The sender-receiver task is a variant of the classic gambling task. In this task, two participants interacted, one participant played the role of sender and the other played the role of receiver. The sender would face two or more choices and know the amount of benefit for both parties corresponding to each choice. Different choices have different benefits for both parties, and the total amount of benefits for both parties is fixed, so when one party’s benefit increases, the other’s benefit will decrease. The sender can decide to send the message he wants the other party to see to the receiver. For example, the sender can send the real message “Option A can benefit you more” or the error message “Option B can benefit you more”. The receiver does not know the actual income distribution. The receiver can choose to accept the distribution method sent by the sender, but it can also refuse. The final decision of the receiver determines the final income of both parties. In this task, the sender may face a dilemma: whether to choose to send the real message (if the sender accepts it may get less revenue), or send a more profitable fake message [18].

3.2.2. Cognitive Process of “Spontaneous Deception”

Similar to the neural mechanisms involved in instructed deception, spontaneous deception also requires a range of executive control functions to complete the deception process, thus requiring the involvement of the PFC and ACC [19]. However, unlike “instructed deception”, in the related research of “spontaneous deception”, not only deception would cause the activation of the PFC, but to be honest, it would also cause the activation of related areas. Yin, Reuter, and Weber (2016) used simulated gambling tasks to investigate the differences in the neural mechanisms of instructed and spontaneous deception, the results found that under the condition of spontaneous deception, the participants spontaneously tell the truth would have stronger activation in the right DLPFC, VLPFC, and inferior parietal lobule. The researchers suggest that spontaneous truth-telling resulted in higher activation of the parietal network because participants needed additional cognitive resources to suppress self-serving motives.

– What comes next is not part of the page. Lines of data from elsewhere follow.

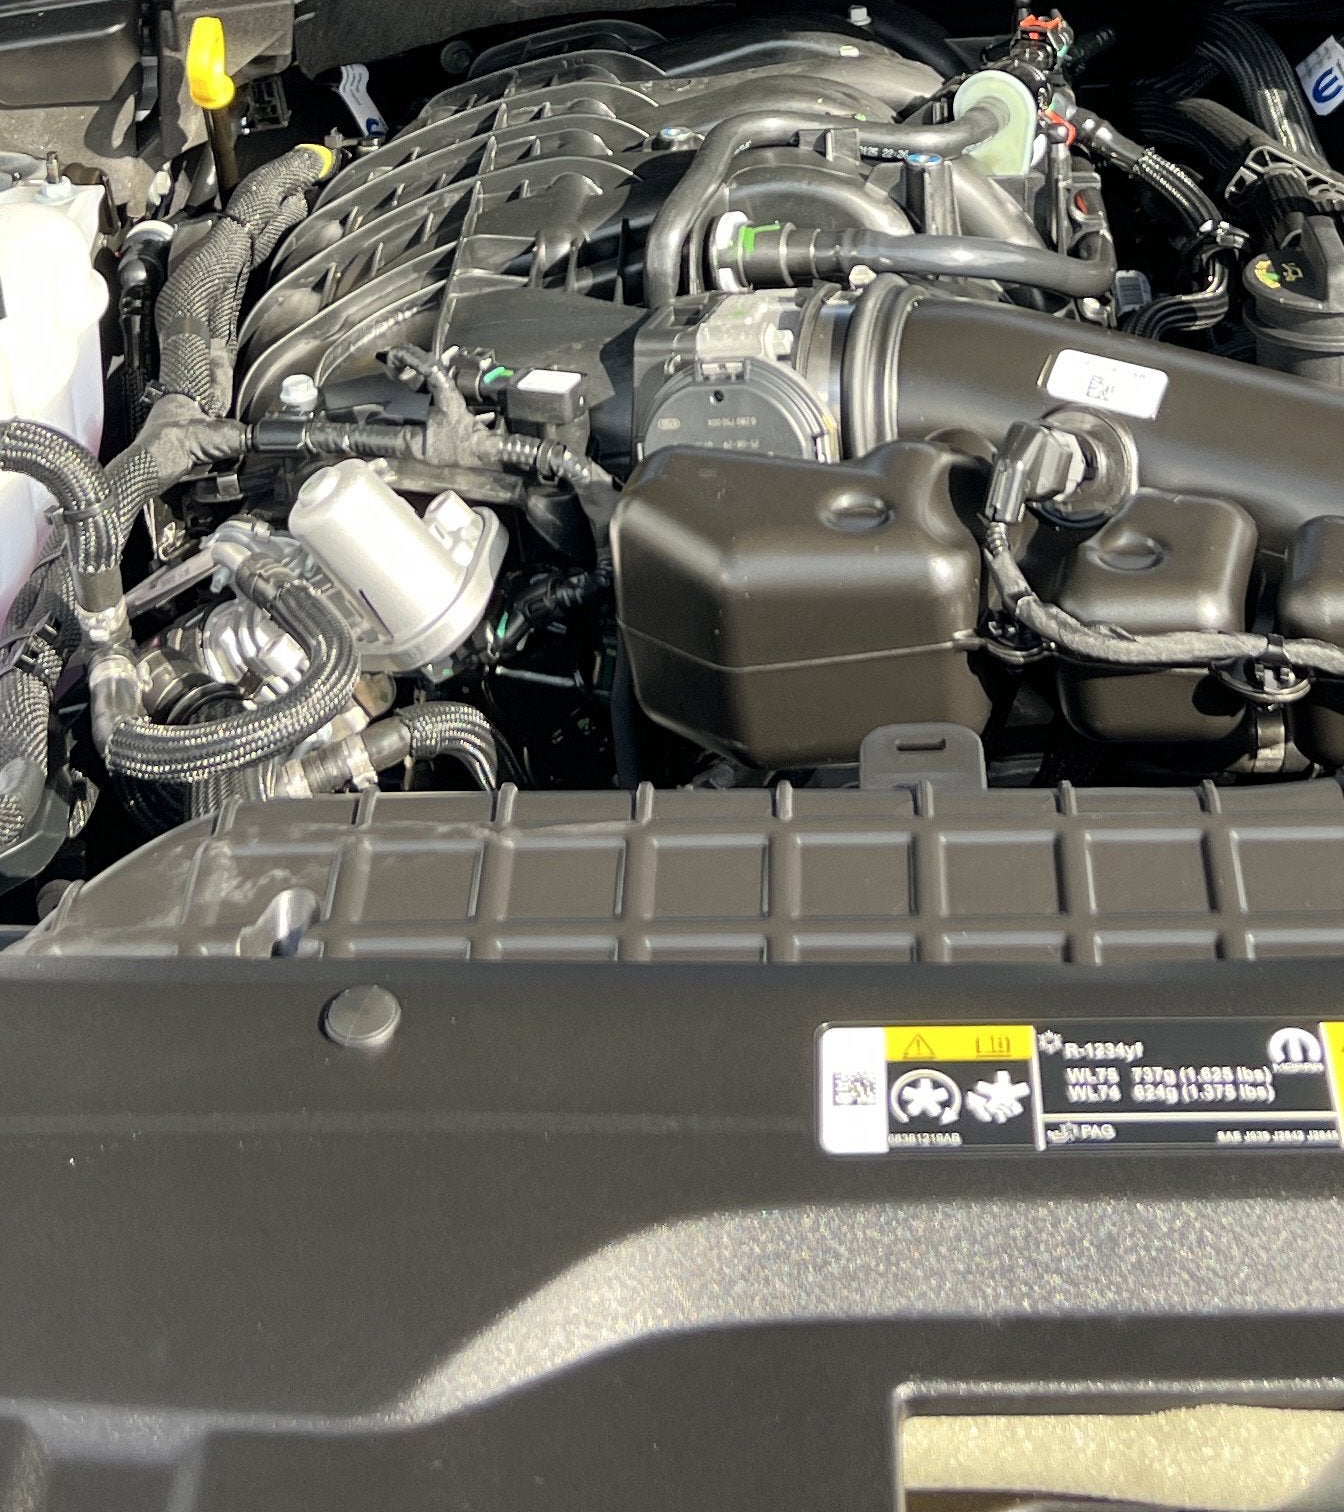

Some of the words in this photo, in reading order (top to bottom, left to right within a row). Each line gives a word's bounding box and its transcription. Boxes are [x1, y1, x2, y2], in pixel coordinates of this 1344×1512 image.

[1063, 1041, 1144, 1063] R-1234yf
[1066, 1067, 1120, 1084] WL75
[1131, 1067, 1176, 1085] 737g
[1180, 1066, 1235, 1084] (1.625
[1237, 1066, 1273, 1084] lbs)
[1068, 1084, 1122, 1102] WL74
[1132, 1084, 1179, 1105] 624g
[1181, 1084, 1237, 1103] (1.375
[1239, 1083, 1276, 1103] lbs)
[1081, 1124, 1116, 1140] PAG
[1217, 1130, 1242, 1142] SAE
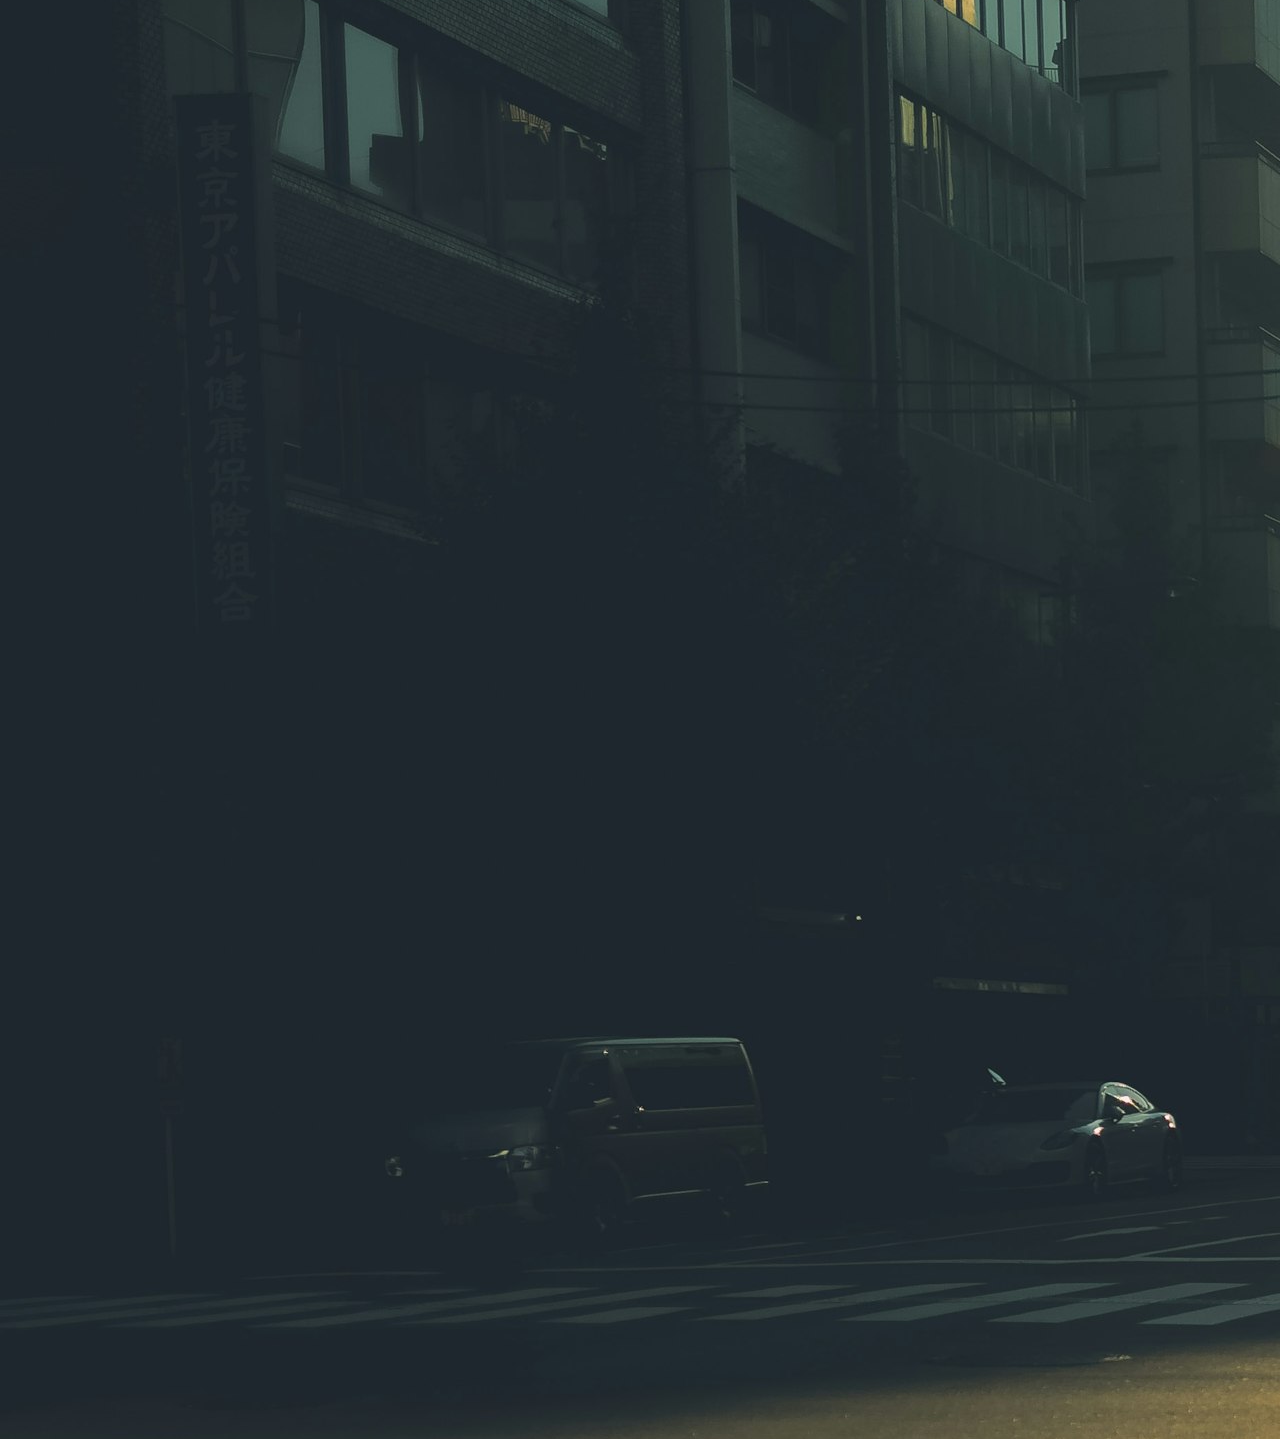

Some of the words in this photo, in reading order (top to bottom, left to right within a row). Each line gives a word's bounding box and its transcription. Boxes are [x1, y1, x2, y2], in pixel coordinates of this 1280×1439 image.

[194, 119, 260, 624] 東京アパレル健康保険組合

In the “spontaneous deception” task, certain rewards and temptations are involved, that is, the participant would receive a certain monetary reward for successfully deception [20]. Therefore, many researchers have studied the reward mechanism of “spontaneous deception”. It turns out that when the decision to deceive is accompanied by monetary consequences, the process of monetary reward and the estimation of subjective value may stimulate value coding in related brain regions, such as the striatum (nucleus accumbens, caudate nucleus, and putamen) and ventromedial prefrontal cortex (vmPFC). The striatum [21] and vmPFC are sensitive to the gains and losses caused by deception and honest behavior [22]. For example, Sun, Chan, Hu, Wang, and Lee (2015) [23] found that when participants successfully lied to get more financial rewards, they would cause stronger activation of the ventral striatum. Individuals apply different values to cheating behaviors for different purposes. When individuals act honestly for different purposes, such as to gain benefits for themselves or for others (such as charity organizations), vmPFC would have different reactions.

In the “spontaneous deception” task, the individual’s spontaneous deception is against the social rules, so the decision to deceive is often accompanied by some negative emotional reactions, especially the aversion to deception. Previous studies have found that insula regions respond to certain kinds of disgust, especially guilt caused by the violation of internal moral norms, among which the anterior insula (AI) is more closely related to the prediction and monitoring of different types of disgust stimuli [24]. Current neuroimaging studies of spontaneous deception consistently proved that the AI was involved in the decision-making process of deception, and the negative emotions in the deception process would trigger strong activation of the AI [25].

Deception is a process of social interaction, which cannot be achieved by the “instructing deception” task, but can be well restored by the “spontaneous deception” task, especially the sender-receiver task. So in this kind of deception task, one of the main conditions for an individual to succeed in deception is mentalization ability which is the ability to infer other people’s mental states (including intentions, beliefs). Volz et al. (2015) [26] studied the neural mechanism of deception in interactive situations and found that when individuals have deception intentions, they would find the activation of the frontal gyrus, temporal lobe and right temporoparietal junction (rTPJ). The rTPJ is related to integrating social information and inferring the mental state of others, and played a role in integrating the intention state of others into one’s own reasoning in the process of deception. Current research consistently proves the role of the right temporoparietal junction in the deception process [27].

4. Limits and Outlook

4.1. Limitations of Existing Research

Although researchers have used different methods to understand the neural mechanism of deception, the existing research has some limitations.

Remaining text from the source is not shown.